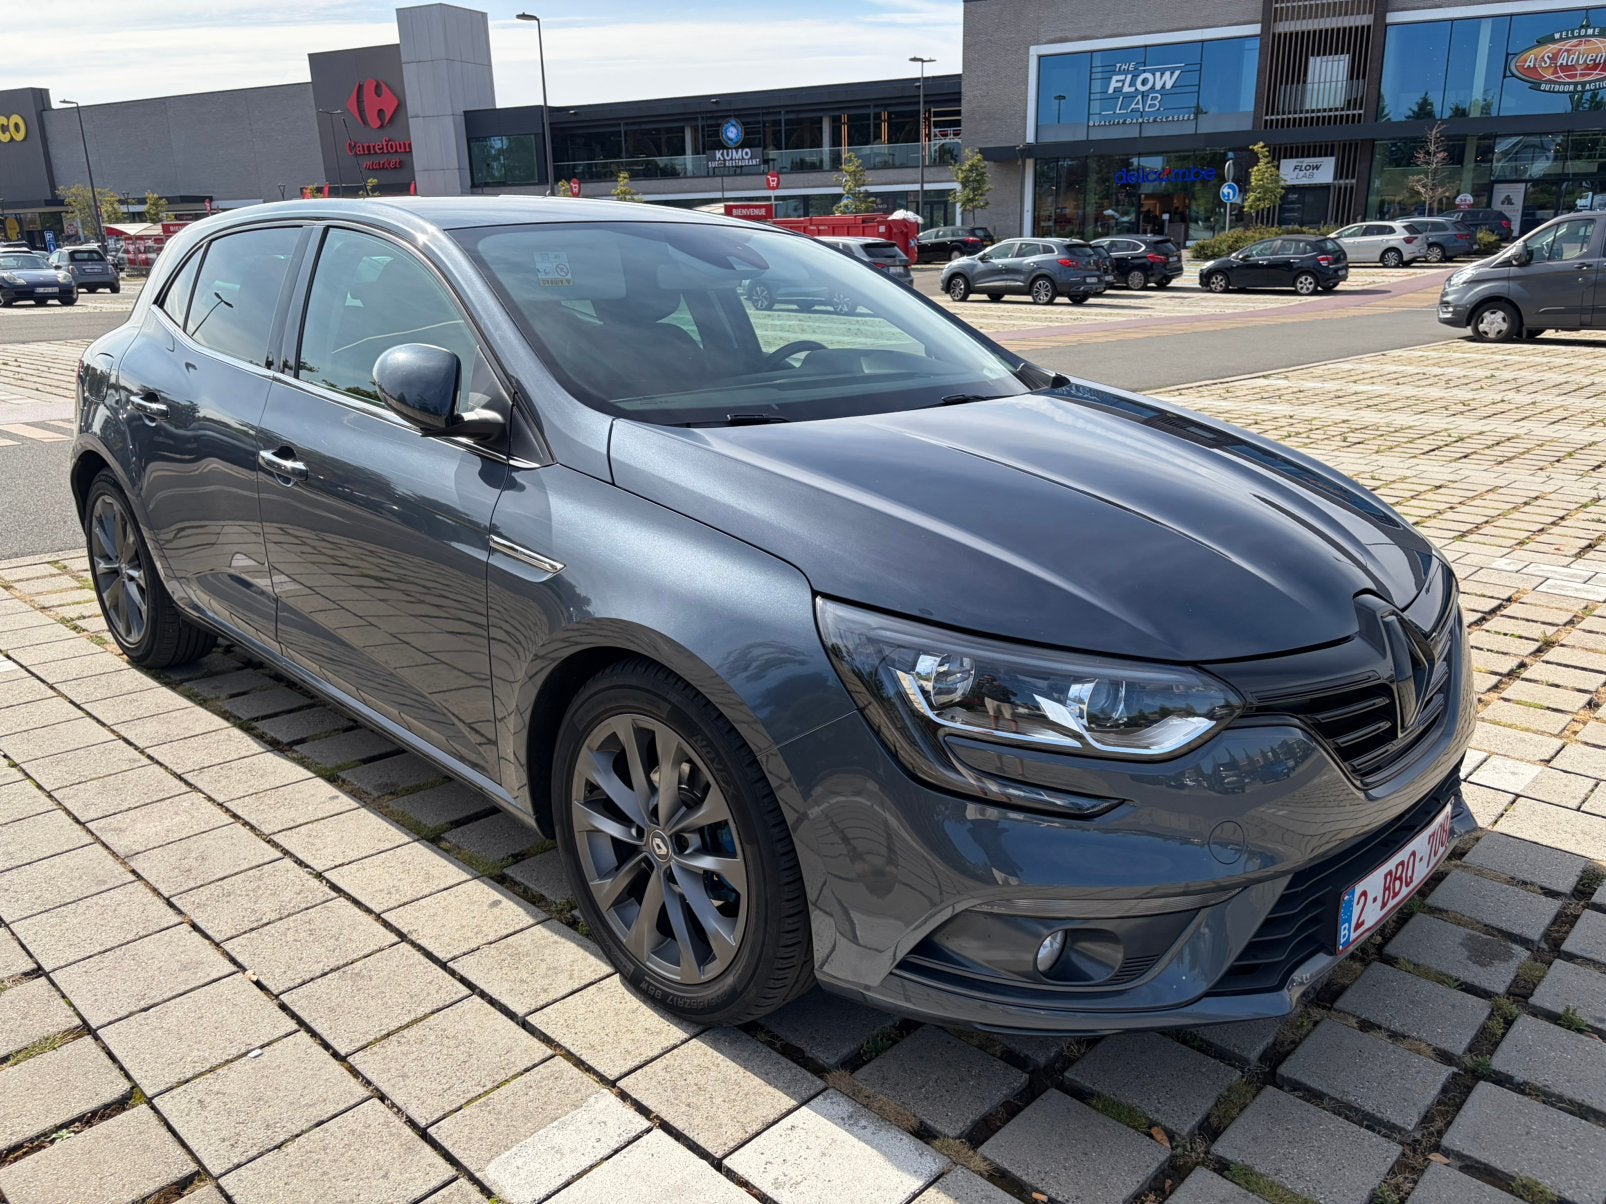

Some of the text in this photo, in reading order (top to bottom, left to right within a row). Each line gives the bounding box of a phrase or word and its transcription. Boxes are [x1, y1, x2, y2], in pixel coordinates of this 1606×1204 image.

[1554, 28, 1600, 39] WELCOME
[1115, 62, 1136, 72] THE
[1107, 70, 1181, 94] FLOW
[1540, 83, 1575, 92] OUTDOOR
[1088, 113, 1195, 127] QUALITY DANCE CLASSES
[346, 137, 412, 156] Carrefour
[715, 148, 752, 160] KUMO
[363, 158, 402, 171] market
[726, 159, 760, 167] RESTAURANT
[1292, 163, 1322, 172] FLOW
[732, 208, 766, 216] BIENVENUE
[1340, 922, 1349, 944] B
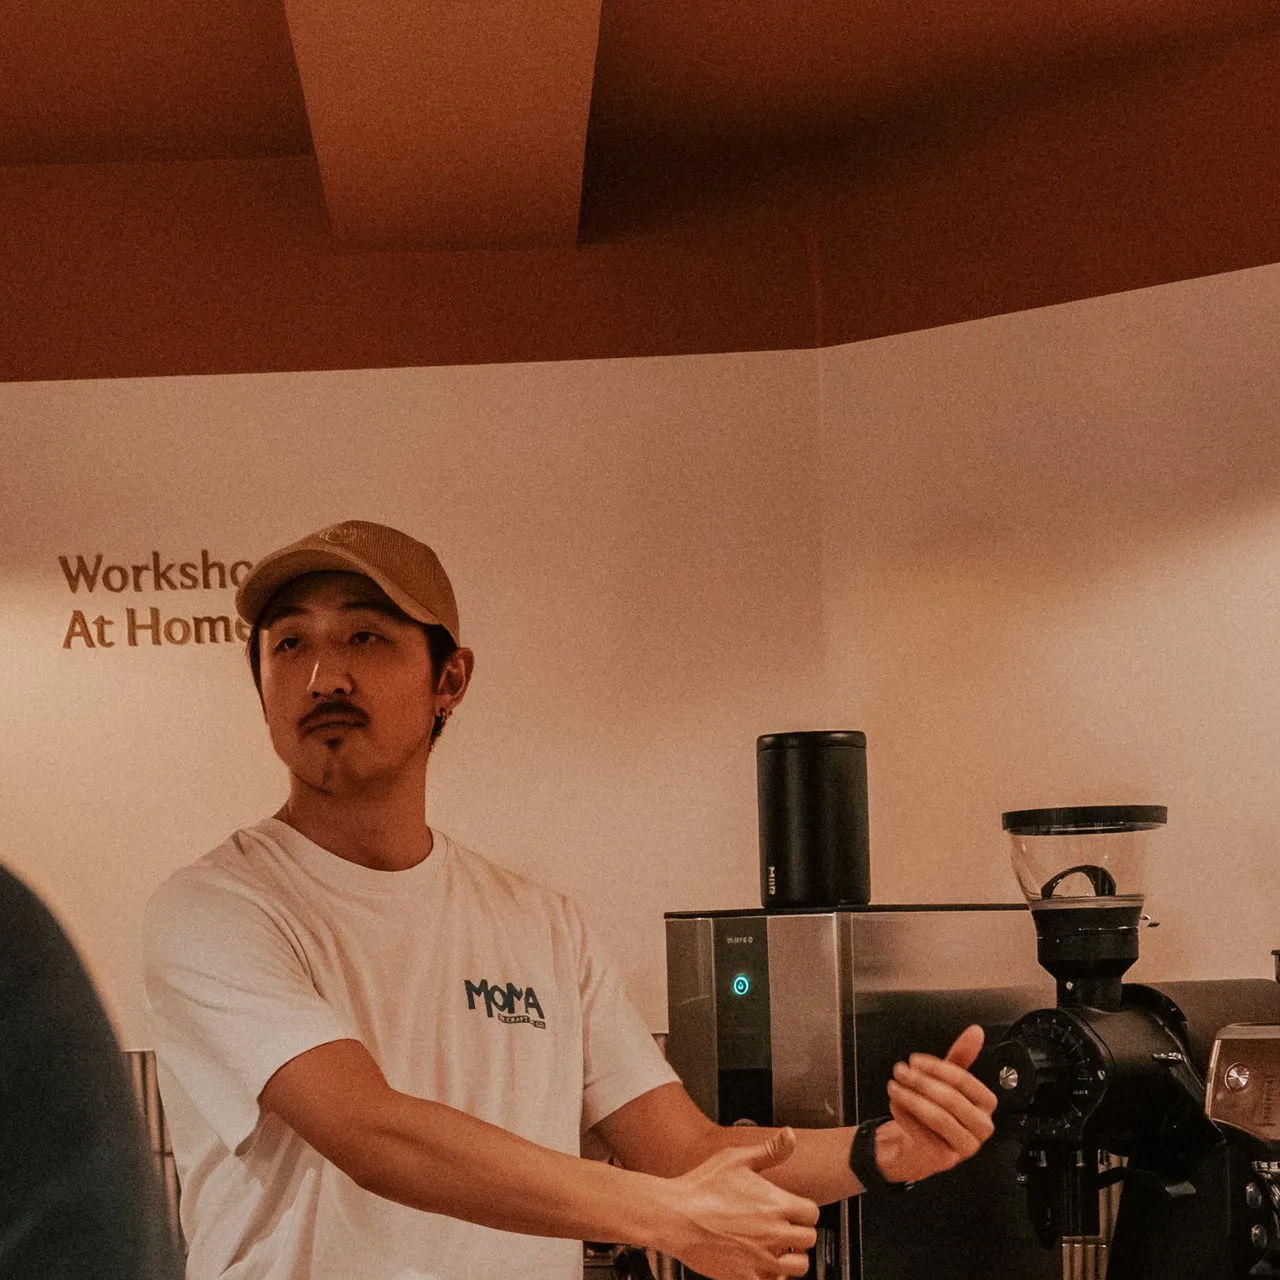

* * *

Copy every record exactly as it appears, apart from any pictures.

Some of the text in this photo, in reading order (top to bottom, left to right within a row). Each line gives the bounding box of a phrase or word and its transcription. Boxes are [x1, y1, x2, y2], in pixel coordinates of this 1606×1204 image.

[1554, 28, 1600, 39] WELCOME
[1115, 62, 1136, 72] THE
[1107, 70, 1181, 94] FLOW
[1540, 83, 1575, 92] OUTDOOR
[1088, 113, 1195, 127] QUALITY DANCE CLASSES
[346, 137, 412, 156] Carrefour
[715, 148, 752, 160] KUMO
[363, 158, 402, 171] market
[726, 159, 760, 167] RESTAURANT
[1292, 163, 1322, 172] FLOW
[732, 208, 766, 216] BIENVENUE
[1340, 922, 1349, 944] B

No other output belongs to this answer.